Kurulandığım havluya bulaşan taze kanı da giyinirken fark etmemle dudağımı ısırarak yatağa oturmuş ve elimi karnıma sarıp bebeğimi dinlemeye başlamıştım. Bunu birkaç gündür pek yaptığım söylenemezdi ve normalde kızımız beni pek de uyutmazdı kolay kolay. Gece uyandırıp dururdu. Ateş basardı.

Bu gece çok sakin geçmişti ya da ben ölü gibi uyumuştum. Seokjin genelde gece benimle uyanmazdı, uykusu ağırdı ama arada o da bana eşlik edip dizi izlemeye başlar, arada canımın bir şey isteyip istemediğini sorardı. Hamileliğin ilk aylarında bana karşı çok hassastı. Bebek içindi belkide ama yine de sürekli bir gözü üzerimdeyken o zamanlar kendimi değerli görebiliyordum. Şimdi... Şimdi genellikle evde olduğu zamanlarında bile yeni sezon ürünleri için harcıyordu. Haftaya Amerika'ya gidecek birkaç hafta sonra dönecekti. Ondan sonra son ayıma gireceğim için evde kalacağını ve benimle olursa bir tatile çıkacağını söylemişti.

Ne yalan söyleyeyim, ona inanmıyordum. Böyle bir şeyi ağzından ilk defa duyuyordum ve ağzından ilk defa duyacağım şeyler asla yerini bulmazdı.

"Bay Kim, iyi misiniz?" Kira adeta hissetmiş gibi kapımda bittiğinde çaresizce telefonumu elime almış ve annemi aramıştım.

.....

Akşam yemeğine  annemle babamı davet etmiştim ama onlar daha önceden gelmeyi akıllarına koydukları için biraz hazırlıksız yakalanmıştım. Açıkçası annem bana her zaman iyi hisettirirdi. Onun bilgeliği, omegası ve anneliği bana her zaman destek olmuş, güç vermişti.

Çabucak morarmış göz atlarıma birkaç bir şey sürmeye başlamış ve ne kadar besleyici vitaminler, takviyeler alsam da soluk olan dudaklarıma renkli bir lip balm sürmüştüm. Bedenim sanki eror veriyor gibiydi. Bazı noktalarda tükenmişlik paçalarıma sızıyordu ama bunun hamilelikten kaynaklandığı belliydi. O yüzden motivasyonumu düşürmüyordum. Kızımız için yeterli olmaya çabalıyordum.

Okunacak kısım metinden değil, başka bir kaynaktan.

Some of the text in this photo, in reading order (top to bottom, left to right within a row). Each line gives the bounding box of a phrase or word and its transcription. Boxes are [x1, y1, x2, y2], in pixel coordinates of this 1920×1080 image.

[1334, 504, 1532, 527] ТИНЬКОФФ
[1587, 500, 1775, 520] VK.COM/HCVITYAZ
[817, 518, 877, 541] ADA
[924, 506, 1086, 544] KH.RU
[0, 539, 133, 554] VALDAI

Galiba panik yaptığım, yeterli gelmediğim ve hazırlıksız yakalandığım kısım da burda başlıyordu.

Onca sürdüğüm kaliteli ürünlere rağmen annem hemen de bakışlarını hüzüne boyayarak bana sarılmıştı.

"Alfan nerde?" Babam saatine bakarken onu yanıtsız bırakmış ve gözlerimi kapatarak annemde huzura ulaşmıştım. Şuraya çöküp hüngür hüngür ağlamama az kalmıştı. Anneme sarılmak ne zamandan beridir beni ağlatacak gibi hissetirmeye başlamıştı ki? Tamamen hormonel olmalıydı, değil mi?

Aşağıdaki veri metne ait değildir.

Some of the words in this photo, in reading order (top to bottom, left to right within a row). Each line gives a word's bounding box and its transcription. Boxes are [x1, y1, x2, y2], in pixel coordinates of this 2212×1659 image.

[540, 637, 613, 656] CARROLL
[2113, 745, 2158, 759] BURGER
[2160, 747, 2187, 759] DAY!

"Ah oğlum, Hesun kocaman olmuş! Geri  çekilerek karnımı ellemiş ve gülümseyerek dizleri üzerine paltosunu çıkartmadan çömelmişti.

"Torunum? Nasılsın? Hesun'um kocaman olmuşsun aşkım." Kızımızın ismini annem bulmuştu ve dilinden de düşürmüyordu.

"Baba seni nasıl doğursun? Kalırsın orda bak. Kaç kilo aldın sen?" Bana merakla ve inanamayarak bakmış, ayağa kalkarak üstündeki fazlalıklardan Kira sayesinde kurtulmuştu. Babamın önceden geçtiği oturma odasına yönelicekken beni durdurmuş ve içeriye bir bakış atarak yukarıya çekelemişti. Kurdu anında endişeyle bana göndermeler yaparken omegam kendini serbest bırakmış ve kendi endişesini de ortama katmıştı. Hesun'un odasına geldiğimizde Seokjin'in favori kokusu olan oda parfümü bile beni rahatlatmamış aksine onu hatırlatması ile daha da hüzünlü hale sokmuştu.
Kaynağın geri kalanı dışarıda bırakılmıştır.